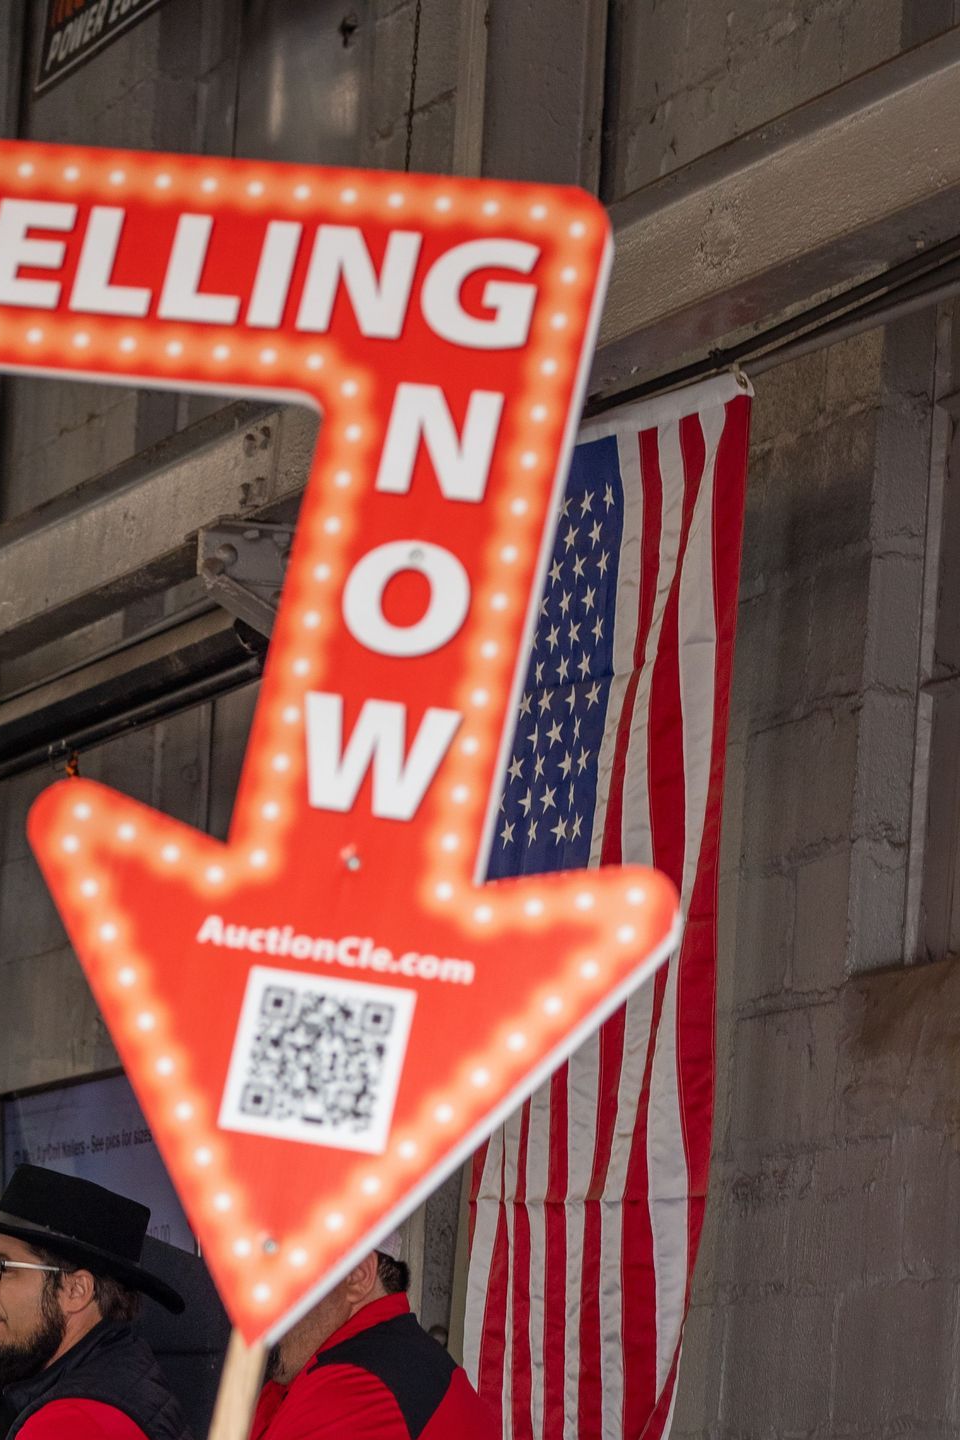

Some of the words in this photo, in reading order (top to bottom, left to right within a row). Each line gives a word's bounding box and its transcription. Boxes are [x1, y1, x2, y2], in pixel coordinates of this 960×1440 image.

[45, 0, 107, 71] POWER
[304, 381, 505, 821] NOW
[196, 914, 475, 985] AuctionCle.com
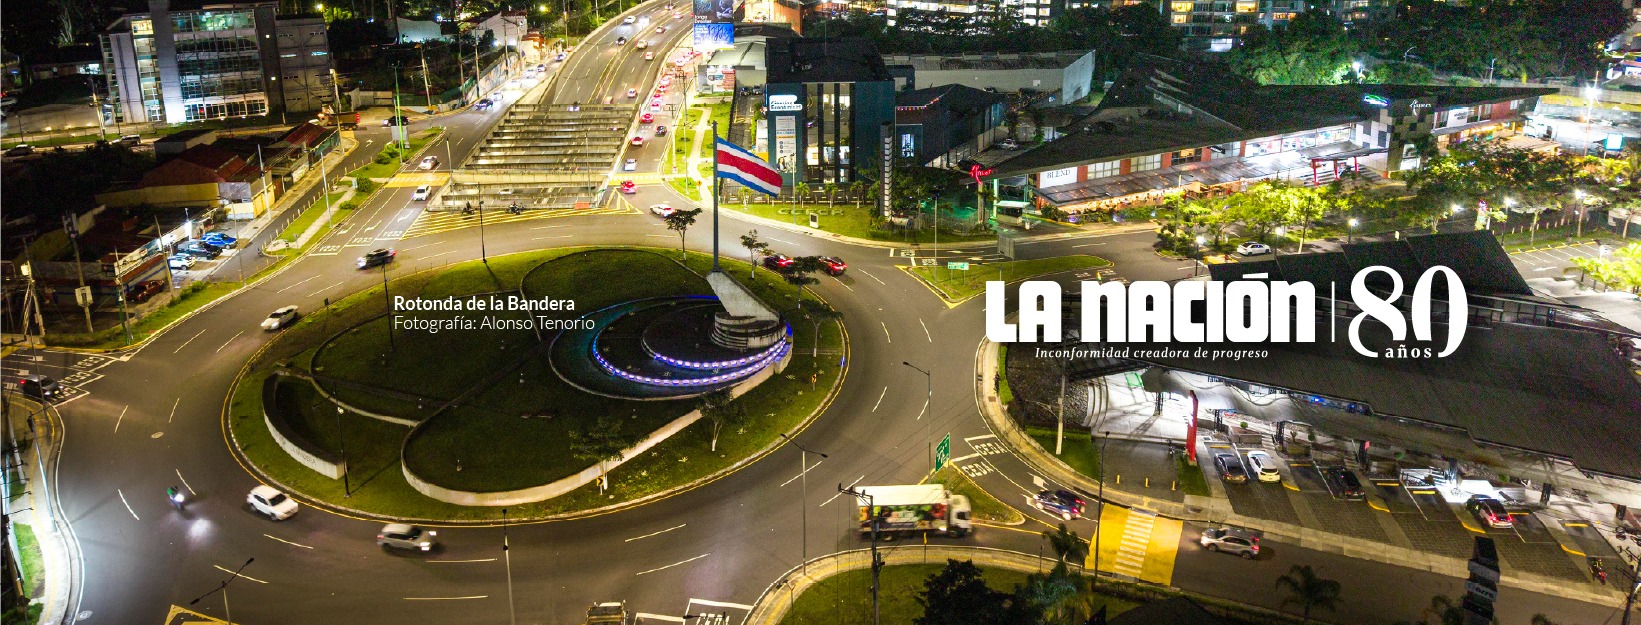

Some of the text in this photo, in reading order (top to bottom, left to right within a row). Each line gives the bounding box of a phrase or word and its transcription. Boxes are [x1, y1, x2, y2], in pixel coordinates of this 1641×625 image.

[1046, 169, 1071, 179] BLEND
[974, 442, 1007, 456] CEDA
[961, 461, 994, 478] CEDA

▶ [TASK GOAL]:
The lines to return run from the one containing "Some of the text" through the last line of the material above. Please reproduce them exactly.

▶ [EXERCISE RESPONSE]:
Some of the text in this photo, in reading order (top to bottom, left to right within a row). Each line gives the bounding box of a phrase or word and its transcription. Boxes are [x1, y1, x2, y2], in pixel coordinates of this 1641×625 image.

[1046, 169, 1071, 179] BLEND
[974, 442, 1007, 456] CEDA
[961, 461, 994, 478] CEDA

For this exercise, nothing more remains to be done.